Genç doktorun çığlığı

Hastane ölümlerinin beşte birinin doktor hatalarından kaynakladığı ve sezeyanların yüzde 90'ı diğer ameliyatların en az yüzde 20'sinin gereksiz olduğu bir sektöre adım atan ve Tıp Fakültesi'ni bitiririr bitirmez ve boynuna 'doktor tabelası' asılan genç doktoru isyan ettiren nedenler:

Genç doktorun çığlığı

‘'Ben şunu gördüm ki, sizler beni doktor ilan ettiniz ama ben doktor değilim, sadece tıp bilgilerini yarım yamalak kafasında oturtmuş, TUS' a çalışırken elinin altında çoktan seçmeli bir soru değil bir insan olduğunu unutmuş, hastanenin iş yükü hafiflesin diye her türlü ayak işine koşarken sadece birkaç ay sonra kendi başına kalacağını ve doktor olacağını görmemiş ve ne kadar yetersiz olduğunu bildiği halde buna isyan etmemiş ve sözlü sınavlarda aldığı şişirilmiş notların büyüsüyle kendisini gerçekten doktor sanan birisiymişim.

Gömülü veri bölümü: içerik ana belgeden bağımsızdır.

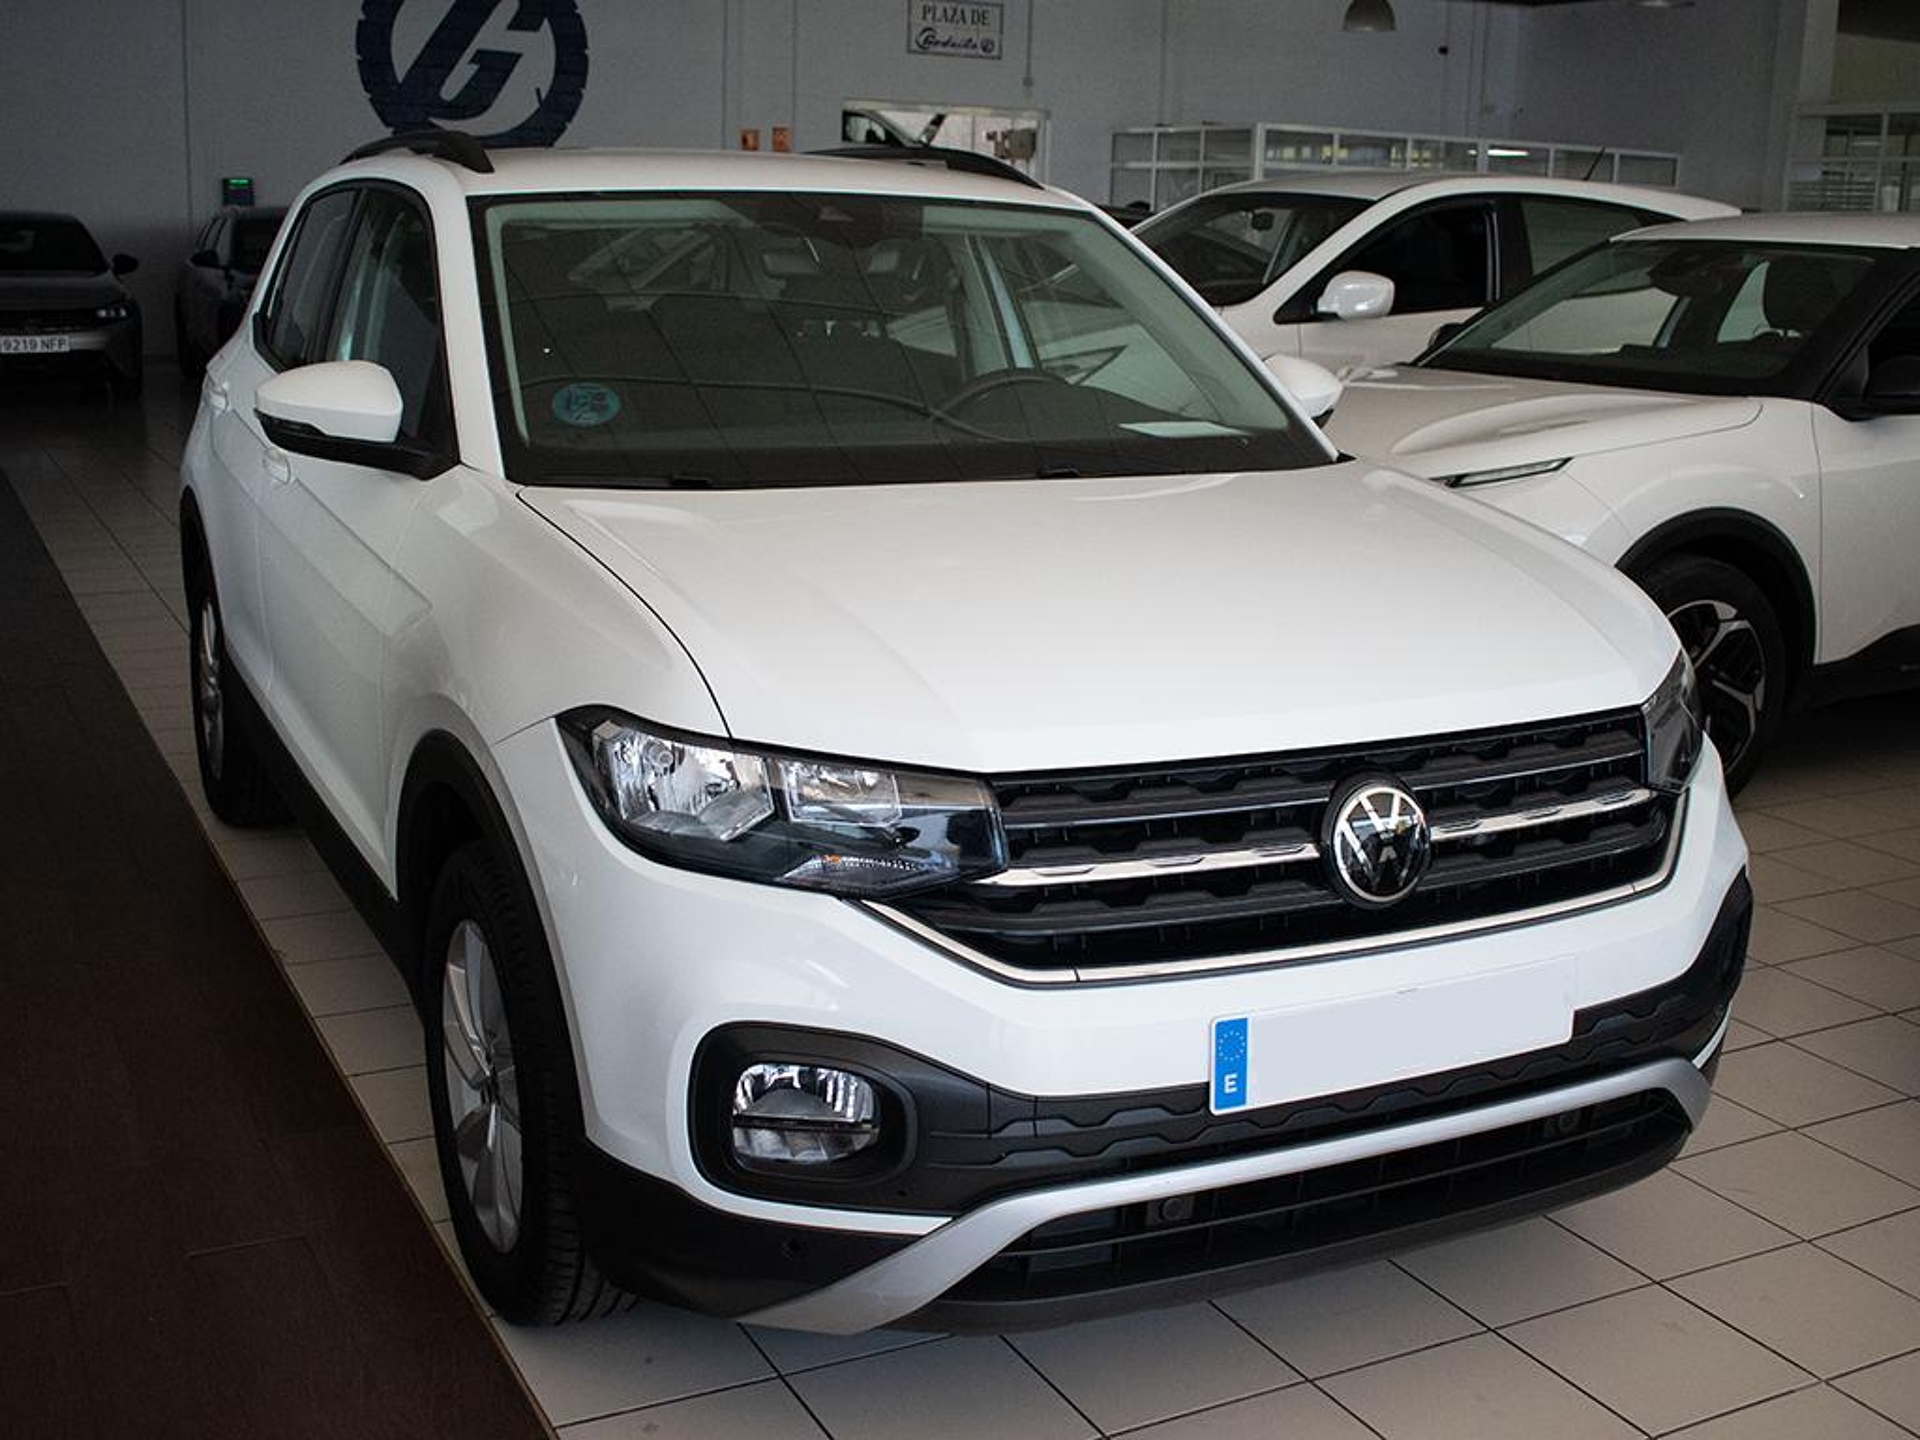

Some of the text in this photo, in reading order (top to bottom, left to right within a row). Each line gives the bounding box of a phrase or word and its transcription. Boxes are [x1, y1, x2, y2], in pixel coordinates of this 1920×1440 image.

[922, 4, 991, 26] PLAZA DE
[1224, 1073, 1238, 1095] E
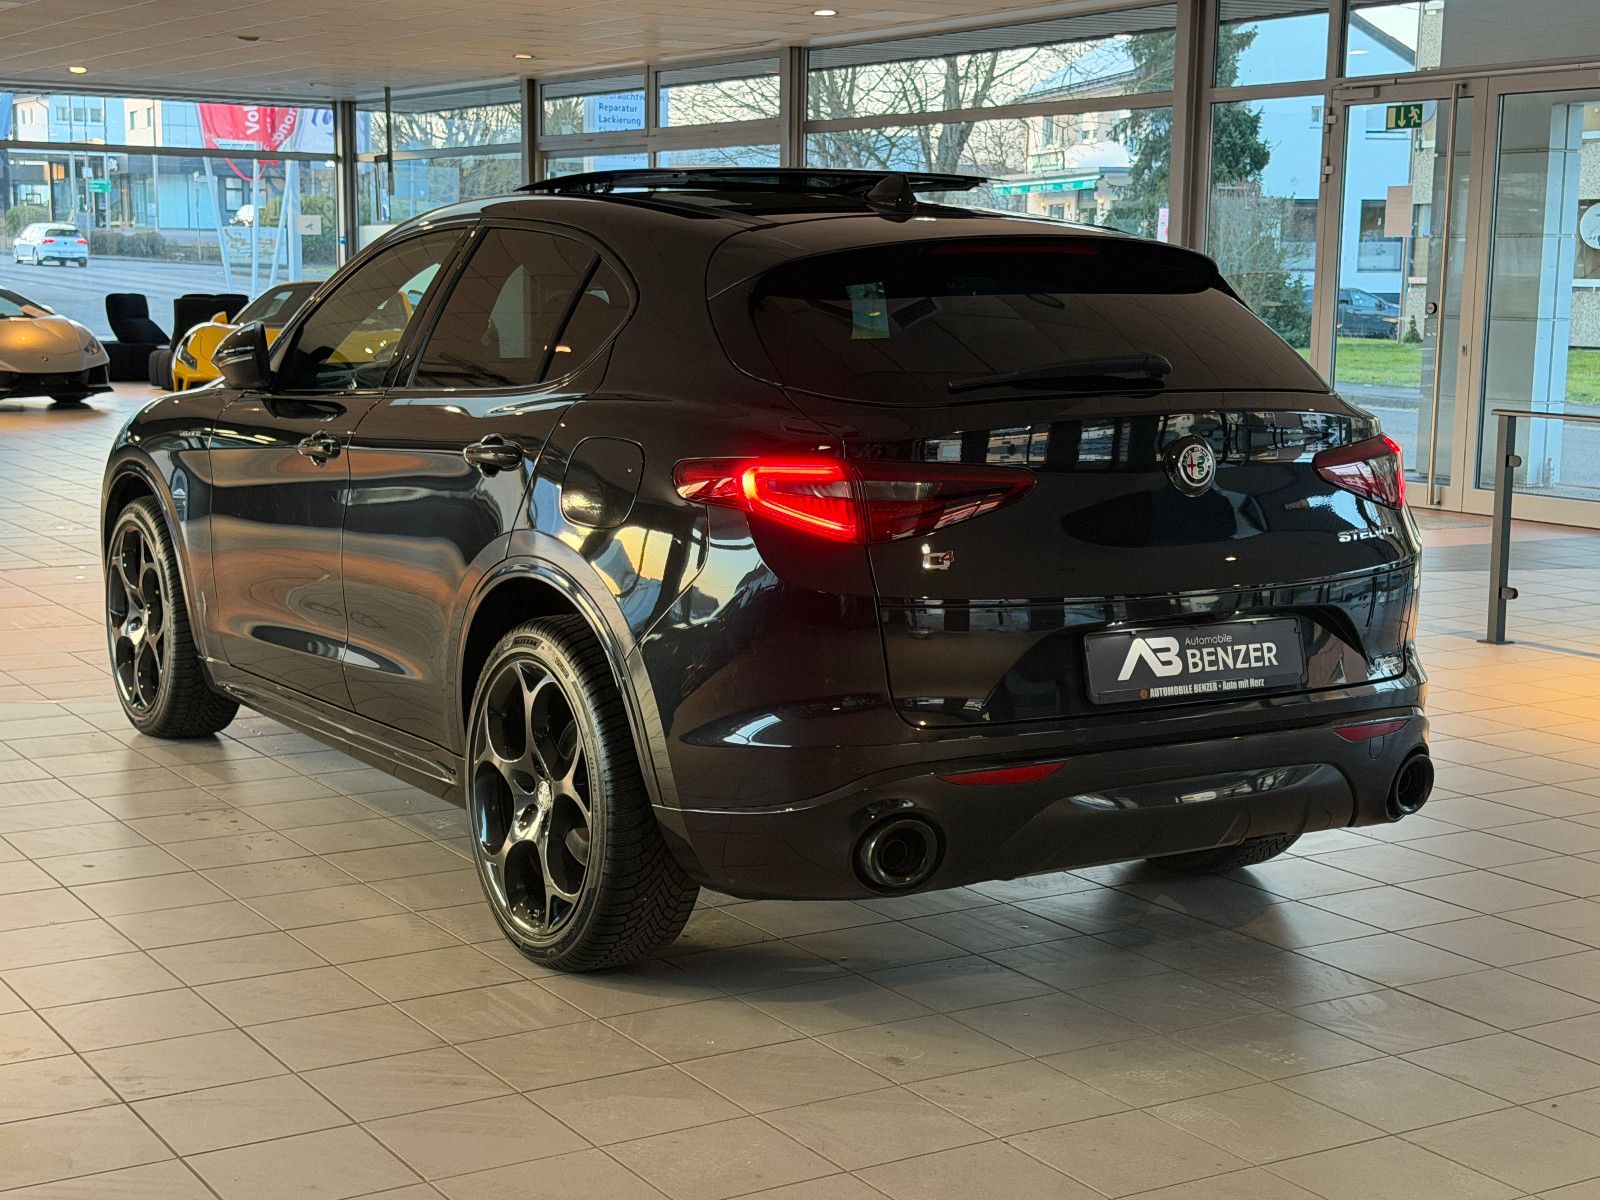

Ne yazık ki artık yanılgıların geri dönüşü yok, tıp fakültesini iyi bir derece ile bitiren, klinik ve pratik anlamda etrafımdaki birçok arkadaşımdan hep daha iyi olduğu söylenen bir öğrenciydim ve o kapıdan elinde diploma ile gönderdiğiniz, annemi babamı kardeşimi ve çocuğumu emanet ettiğiniz ‘'hekim'' arkadaşlarımdan ve en çok da kendimden korkuyorum. Durum tahmin ettiğinizden de vahim çünkü.''

Akdeniz Üniversitesi Tıp fakültesinden bu sene mezun olan doktorlar arasında yapılan bir ankette 'Kendi döneminizden bir hekim arkadaşınıza anne babanızı emanet eder misiniz?' sorusuna sadece yüzde birinin ‘evet' dediğini de hatırlatmak isterim.